---- Data excerpts
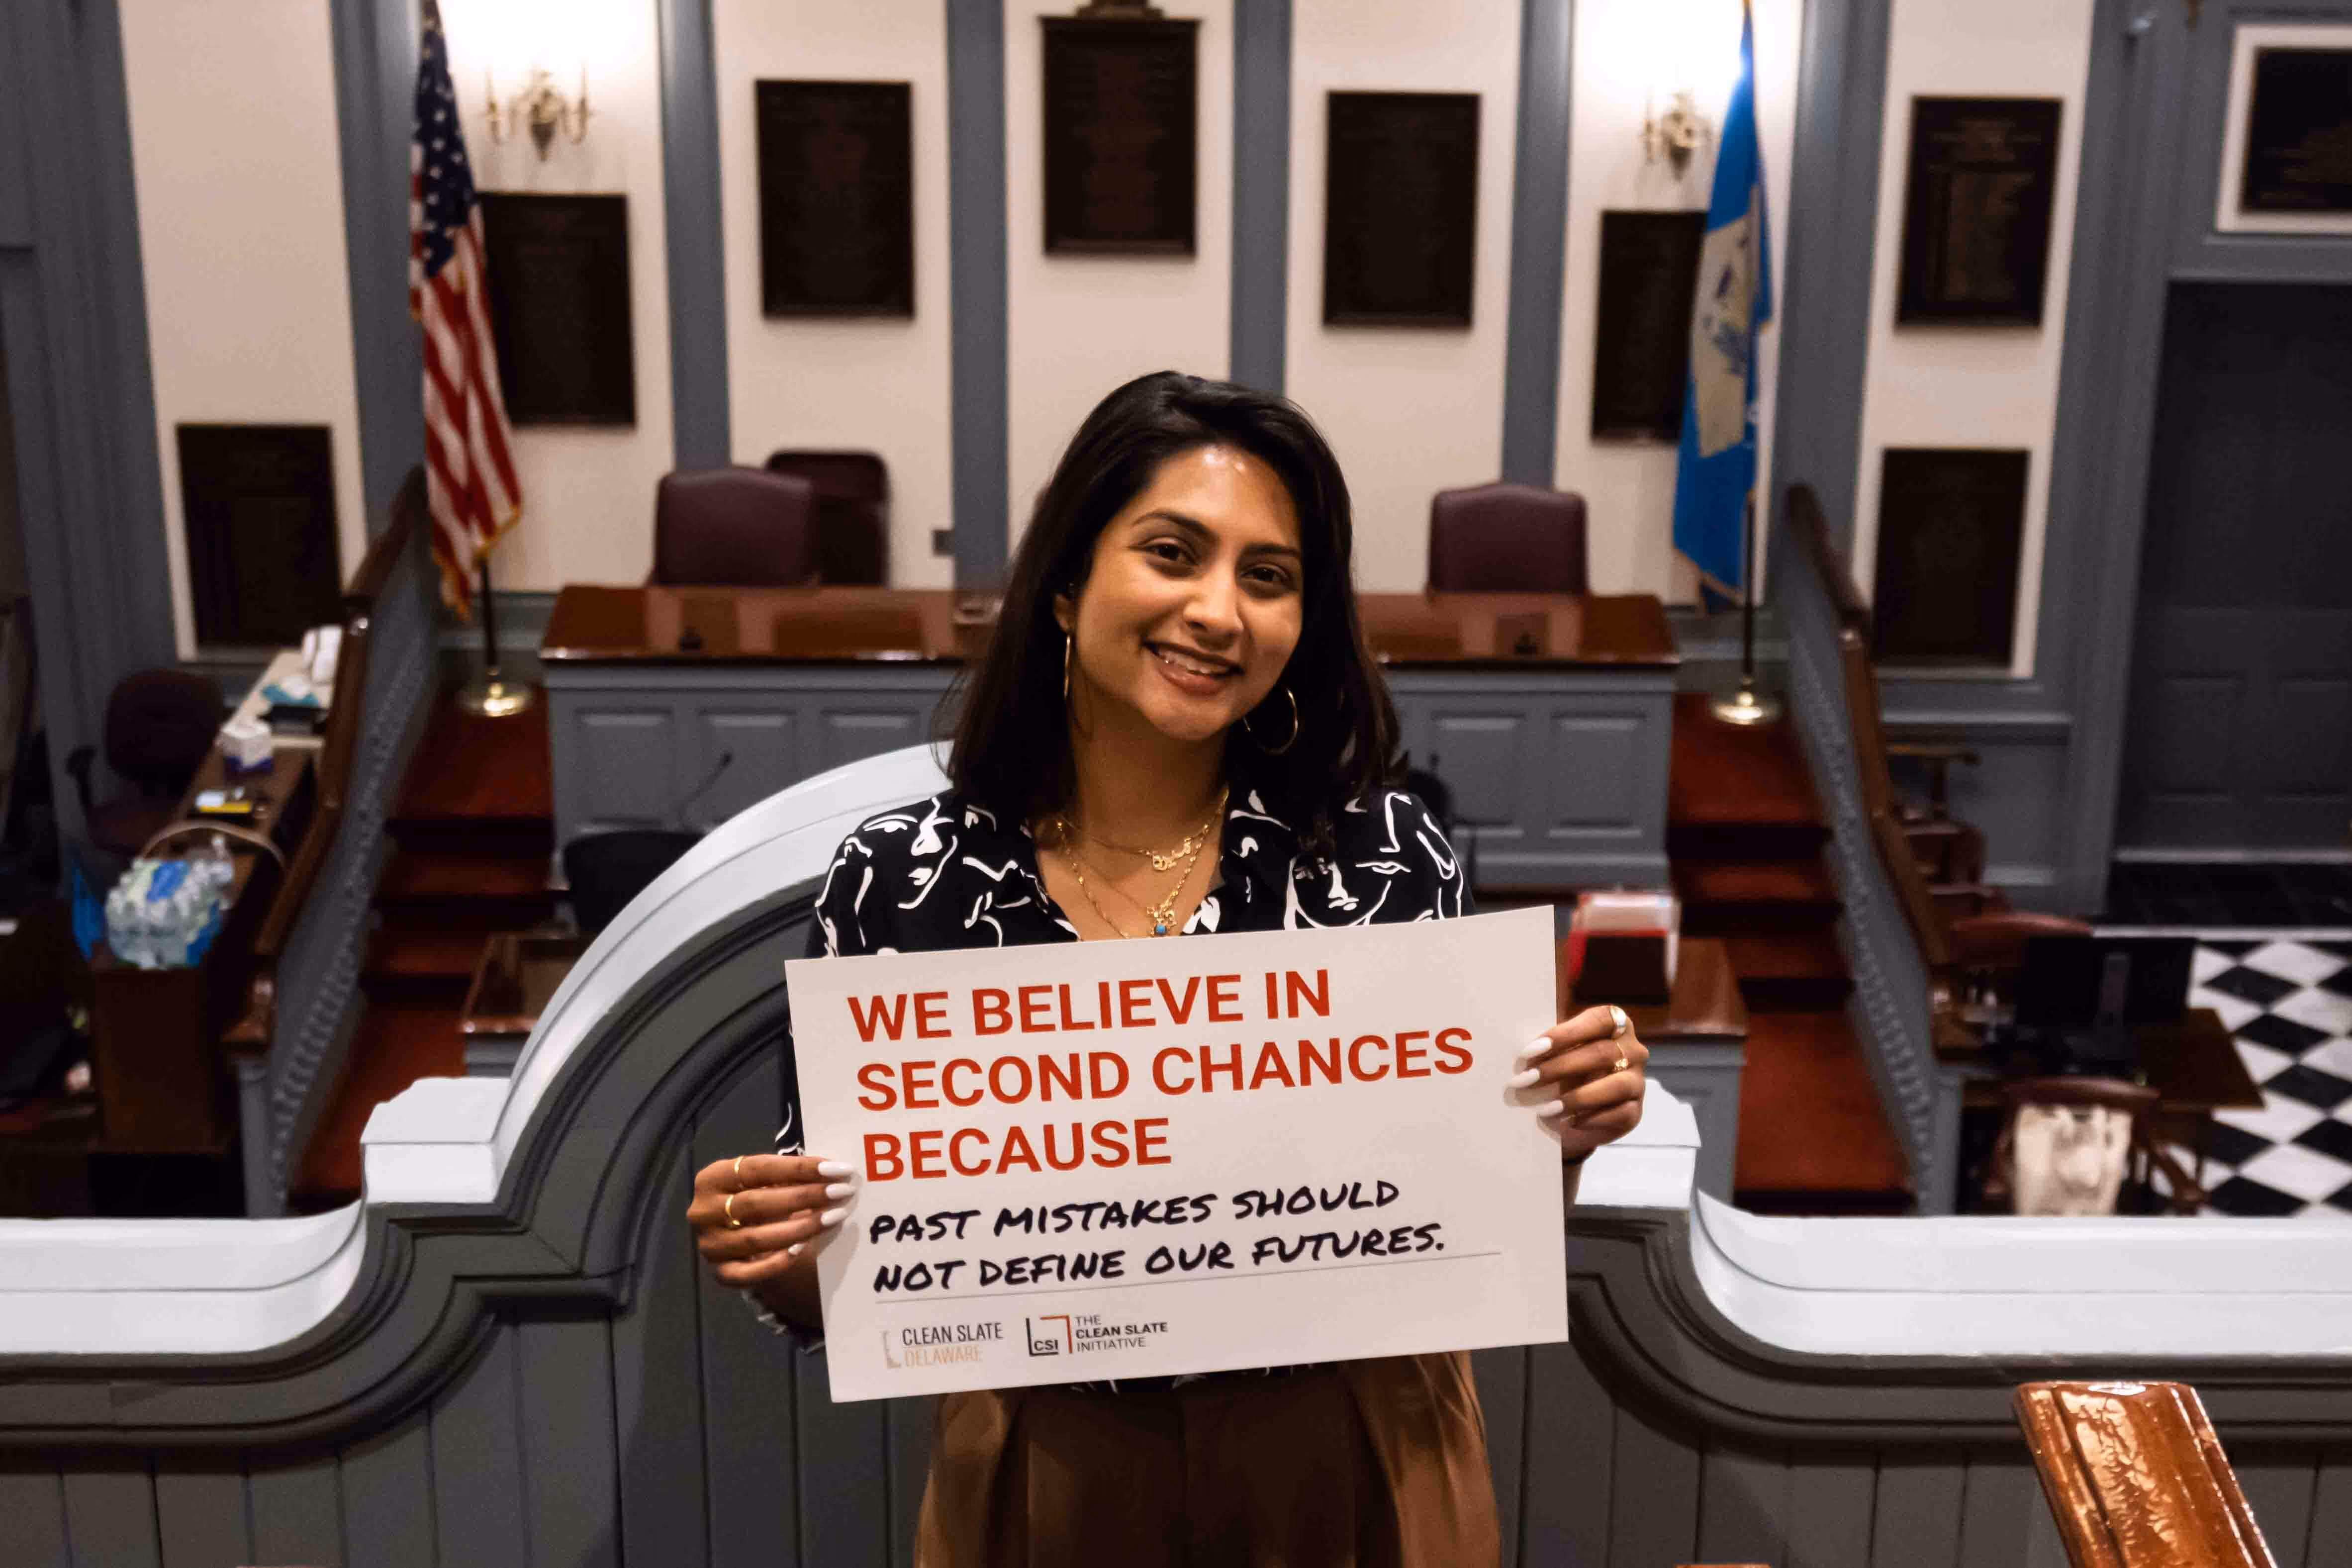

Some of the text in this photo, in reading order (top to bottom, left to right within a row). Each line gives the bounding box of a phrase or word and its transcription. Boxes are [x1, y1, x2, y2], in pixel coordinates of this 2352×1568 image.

[847, 969, 1329, 1042] WE BELIEVE IN
[858, 1027, 1473, 1111] SECOND CHANCES
[863, 1118, 1170, 1181] BECAUSE
[870, 1181, 1399, 1244] PAST MISTAKES SHOULD
[874, 1223, 1444, 1292] NOT DEFINE OUR FUTURES.
[1075, 1315, 1101, 1326] THE
[1076, 1322, 1168, 1339] CLEAN SLATE
[902, 1322, 1004, 1346] CLEAN SLATE
[1034, 1339, 1058, 1352] CSI
[1077, 1337, 1146, 1351] INITIATIVE
[904, 1347, 982, 1368] DELAWARE
--------
● **Task description**
Above are records to transcribe exactly; leave their pictures out.

● **Written response**
Some of the text in this photo, in reading order (top to bottom, left to right within a row). Each line gives the bounding box of a phrase or word and its transcription. Boxes are [x1, y1, x2, y2], in pixel coordinates of this 2352×1568 image.

[847, 969, 1329, 1042] WE BELIEVE IN
[858, 1027, 1473, 1111] SECOND CHANCES
[863, 1118, 1170, 1181] BECAUSE
[870, 1181, 1399, 1244] PAST MISTAKES SHOULD
[874, 1223, 1444, 1292] NOT DEFINE OUR FUTURES.
[1075, 1315, 1101, 1326] THE
[1076, 1322, 1168, 1339] CLEAN SLATE
[902, 1322, 1004, 1346] CLEAN SLATE
[1034, 1339, 1058, 1352] CSI
[1077, 1337, 1146, 1351] INITIATIVE
[904, 1347, 982, 1368] DELAWARE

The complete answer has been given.